[[ The data open ]]

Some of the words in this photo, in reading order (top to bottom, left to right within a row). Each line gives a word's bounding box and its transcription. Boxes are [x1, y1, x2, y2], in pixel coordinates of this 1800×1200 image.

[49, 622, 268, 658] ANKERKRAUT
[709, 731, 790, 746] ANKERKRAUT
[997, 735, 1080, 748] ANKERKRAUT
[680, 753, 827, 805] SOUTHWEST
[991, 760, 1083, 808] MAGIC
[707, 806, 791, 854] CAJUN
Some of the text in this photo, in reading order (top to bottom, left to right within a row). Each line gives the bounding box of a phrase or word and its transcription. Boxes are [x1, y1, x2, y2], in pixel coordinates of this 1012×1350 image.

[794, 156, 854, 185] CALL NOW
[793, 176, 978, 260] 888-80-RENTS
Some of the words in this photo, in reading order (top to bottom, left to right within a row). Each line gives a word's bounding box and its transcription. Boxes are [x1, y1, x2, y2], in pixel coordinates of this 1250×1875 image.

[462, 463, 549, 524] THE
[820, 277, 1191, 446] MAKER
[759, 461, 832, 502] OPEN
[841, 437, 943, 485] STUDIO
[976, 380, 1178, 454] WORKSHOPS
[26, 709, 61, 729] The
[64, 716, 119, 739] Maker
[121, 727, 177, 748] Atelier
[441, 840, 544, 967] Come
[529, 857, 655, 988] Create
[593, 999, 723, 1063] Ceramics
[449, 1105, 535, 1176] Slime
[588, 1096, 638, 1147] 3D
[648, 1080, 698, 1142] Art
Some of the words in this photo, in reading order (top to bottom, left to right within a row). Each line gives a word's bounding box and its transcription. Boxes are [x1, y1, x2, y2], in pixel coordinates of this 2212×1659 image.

[[ The data closed ]]

Task objective — Line by line, copy the data above.

Exercise answer —
Some of the words in this photo, in reading order (top to bottom, left to right within a row). Each line gives a word's bounding box and its transcription. Boxes are [x1, y1, x2, y2], in pixel coordinates of this 1800×1200 image.

[49, 622, 268, 658] ANKERKRAUT
[709, 731, 790, 746] ANKERKRAUT
[997, 735, 1080, 748] ANKERKRAUT
[680, 753, 827, 805] SOUTHWEST
[991, 760, 1083, 808] MAGIC
[707, 806, 791, 854] CAJUN
Some of the text in this photo, in reading order (top to bottom, left to right within a row). Each line gives the bounding box of a phrase or word and its transcription. Boxes are [x1, y1, x2, y2], in pixel coordinates of this 1012×1350 image.

[794, 156, 854, 185] CALL NOW
[793, 176, 978, 260] 888-80-RENTS
Some of the words in this photo, in reading order (top to bottom, left to right within a row). Each line gives a word's bounding box and its transcription. Boxes are [x1, y1, x2, y2], in pixel coordinates of this 1250×1875 image.

[462, 463, 549, 524] THE
[820, 277, 1191, 446] MAKER
[759, 461, 832, 502] OPEN
[841, 437, 943, 485] STUDIO
[976, 380, 1178, 454] WORKSHOPS
[26, 709, 61, 729] The
[64, 716, 119, 739] Maker
[121, 727, 177, 748] Atelier
[441, 840, 544, 967] Come
[529, 857, 655, 988] Create
[593, 999, 723, 1063] Ceramics
[449, 1105, 535, 1176] Slime
[588, 1096, 638, 1147] 3D
[648, 1080, 698, 1142] Art
Some of the words in this photo, in reading order (top to bottom, left to right within a row). Each line gives a word's bounding box and its transcription. Boxes are [x1, y1, x2, y2], in pixel coordinates of this 2212×1659 image.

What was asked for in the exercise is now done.